17 Training Myths, Addressed by a Running Coach. It’s no secret that training advice on the internet can be hard to sift through; how do you know what works for you and what doesn’t? Running coaches David and Megan Roche talked with Outside Magazine on 17 common questions runners of all abilities ask and strike down common myths that hold us back — especially around whether what works for elite runners should work for us.
“The body doesn’t know miles, it knows stress. If an athlete does the same types of miles as a gold medalist, there’s a good chance the stress could turn their body and spirit into a pile of smoldering rubble.”

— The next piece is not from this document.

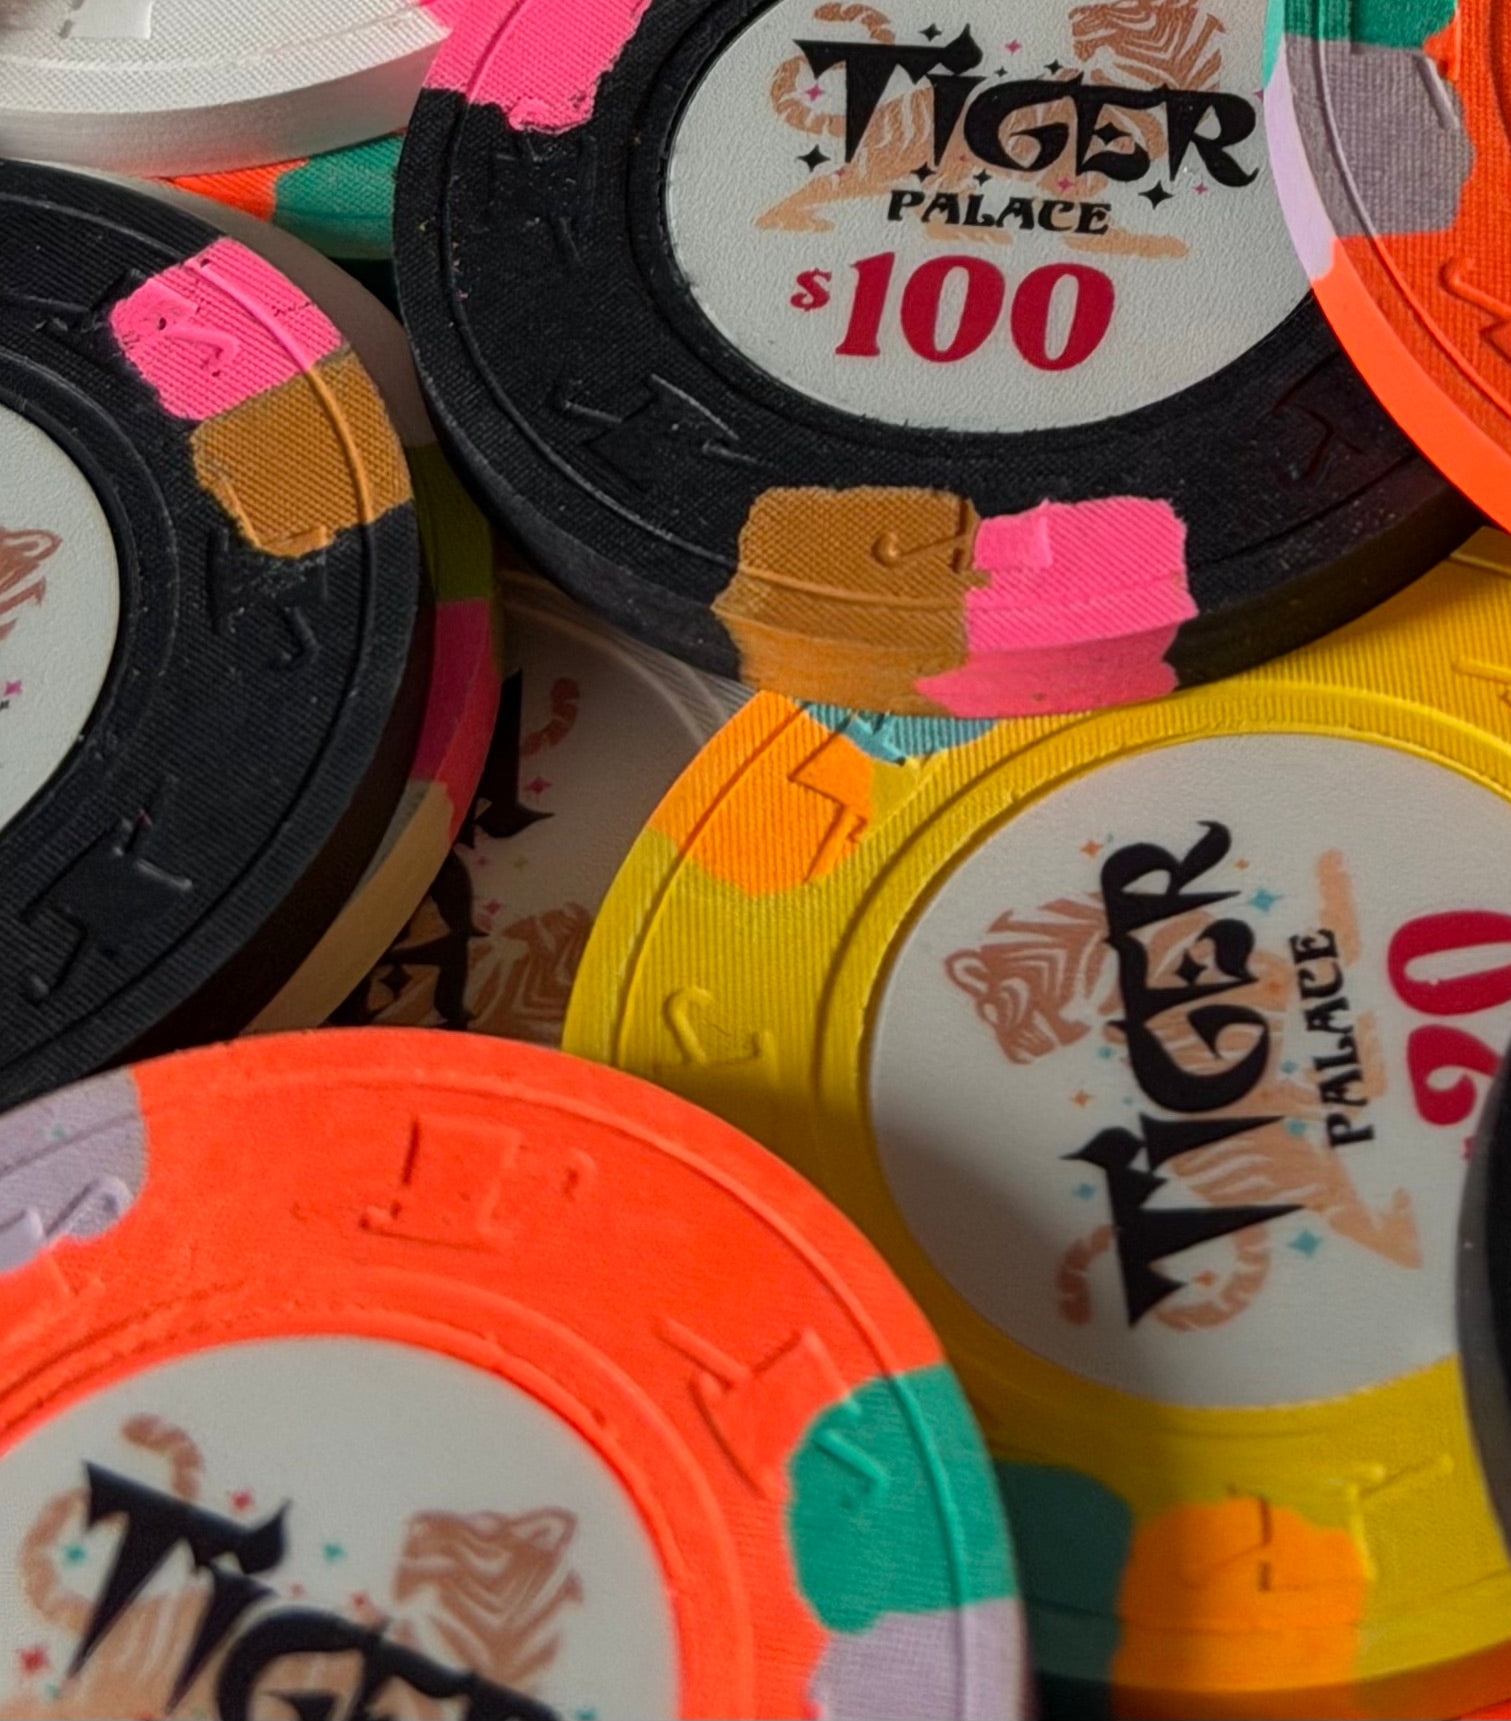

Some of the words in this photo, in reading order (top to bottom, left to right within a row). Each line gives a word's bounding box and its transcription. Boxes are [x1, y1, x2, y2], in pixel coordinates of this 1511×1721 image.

Should You Run in Your Local Race During the Coronavirus Outbreak? The safest option, of course, is to run a virtual race. But some races — especially smaller trail races — can be managed safely, provided they follow the recommended public health guidelines. Runner’s World offers up some good rules to follow in deciding whether or not to run one where you live.
“If the race allows for more entrants than is okay by public health guidelines, don’t participate.”
In a Naked Pandemic Race, You Can Leave Your Hat On. You don’t want to miss this great, great first-person article by Jen A. Miller on what it’s like to run a race completely in the buff. (Well, almost completely.) This is dedication to one’s journalistic craft — Miller participated in the race herself.
“When I checked in, I was handed a race bib and a T-shirt, but then a staffer — naked except for mask and gloves — wrote my race number with a marker on my leg. Where was I going to pin a bib anyway?”